PM de MG reprime de forma cruel manifestação pacífica
contra o aumento injusto e abusivo das passagens de ônibus em Belo Horizonte.
Frei Gilvander
Moreira[1]
Não bastasse o
ocorrido no dia 19 de junho de 2015, na Linha Verde (MG 010), perto da Cidade
administrativa, quando a tropa de choque da Polícia Militar de Minas Gerais (PM
de MG) reprimiu de forma violenta uma Marcha pacífica de umas 3 mil pessoas das
Ocupações da Izidora – Rosa Leão, Esperança e Vitória -, de Belo Horizonte e
Santa Luzia, MG. Feriram umas 90 pessoas, prenderam umas 40. Muitas crianças,
idosas, gestantes, cadeirantes, pessoas com deficiência, junto com todo o povo,
receberam rajadas e mais rajadas de tiros de balas de borracha de policiais e
quase ficaram sufocados por tanto gás lacrimogêneo e spray de pimenta. Uma
bomba de gás jogada, não sabemos se do helicóptero da PM ou dos policias em
terra, caiu no colo de Alice, uma criança de 8 meses de idade, que estava em um
carrinho de bebê. A mãe, Cleiciane, subitamente retirou a criança do carrinho,
o que fez a bomba cair no chão. Cleiciane ainda conseguiu correr com a criança
que chorava quase sufocada com a nuvem de gás lacrimogêneo. Por milagre, a PM
de MG não assassinou uma criança de 8 meses, que junto com sua mãe, seu pai e
sua irmãzinha, outra criança, lutavam por moradia digna. A PM de MG cometeu
mais uma barbaridade.
No ocorrido no
recente dia 19 de junho de 2015, como dito acima, não senti no meu corpo
diretamente essa truculência da PM de MG, porque a mamãe, Leontina, tinha
falecido naquela madrugada. Por isso tive que viajar às pressas para Brasília de
avião. Mas dia 12 de agosto de 2015, eu experimentei no meu próprio corpo a
crueldade da PM de MG, durante uma Manifestação pacífica dos Movimentos Sociais
Tarifa Zero e Pelo Passe Livre, no centro de Belo Horizonte e não posso me
calar diante do que vi, ouvi e senti.
A concentração se deu
na Praça Sete, coração de Belo Horizonte (BH), às 17:00h. Por volta das 18:00h,
saímos em marcha, cerca de 2 mil pessoas, jovens indignados com o 2º aumento,
ilegal e abusivo, em seis meses, dos preços dos ônibus em BH. Em Marcha pela
Av. Afonso Pena, após rodearmos o pirulito da Praça Sete, uns 100 metros à
frente, a tropa de choque já estava a posto para atacar e impedia a Marcha.

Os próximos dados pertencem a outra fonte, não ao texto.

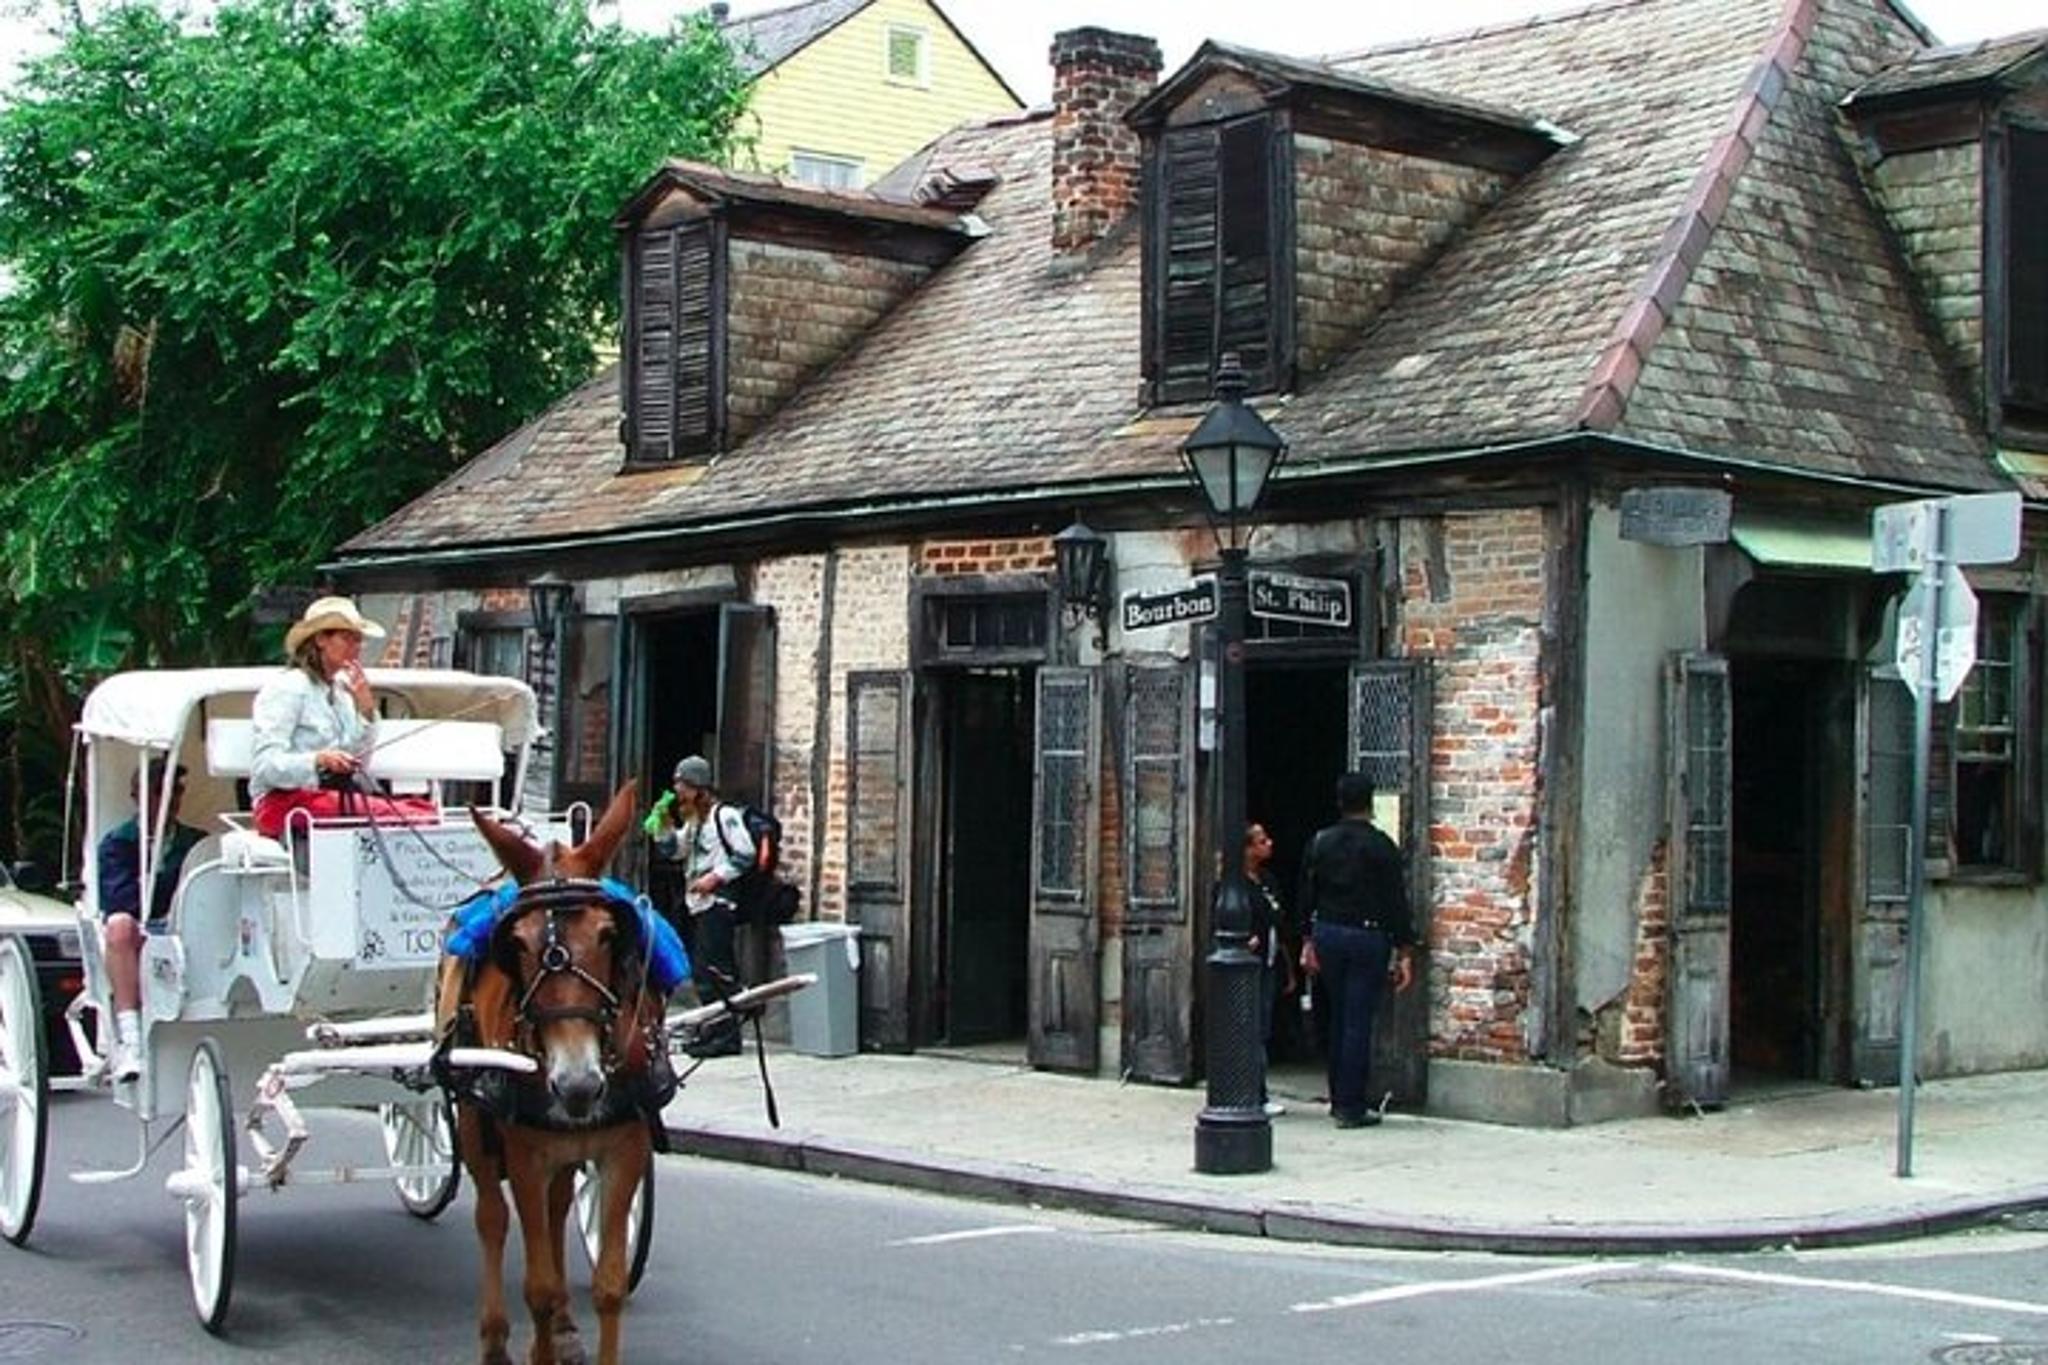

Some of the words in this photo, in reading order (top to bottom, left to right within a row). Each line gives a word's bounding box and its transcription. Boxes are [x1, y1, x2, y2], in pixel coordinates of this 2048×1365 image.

[1127, 596, 1212, 626] Bourbon
[1256, 585, 1280, 607] St.
[1287, 589, 1341, 620] Philip

Eu me
aproximei do tenente coronel Jean Carlo, comandante da tropa de choque, e,
junto com duas jovens, tentamos dialogar com o comandante que alegava que pelo
menos uma faixa deveria ser liberada. Mas a Marcha era sem carro de som e sem
megafone. Ponderei com o comandante: “Sem carro de som aqui, será difícil
dialogar com todos para liberar pelo menos uma faixa da avenida. Sugiro que você,
comandante, deixe a Marcha seguir pelo menos até à prefeitura de BH. Assim
chegaremos lá mais rápido e incomodará menos o trânsito.” Após refletir, o ten.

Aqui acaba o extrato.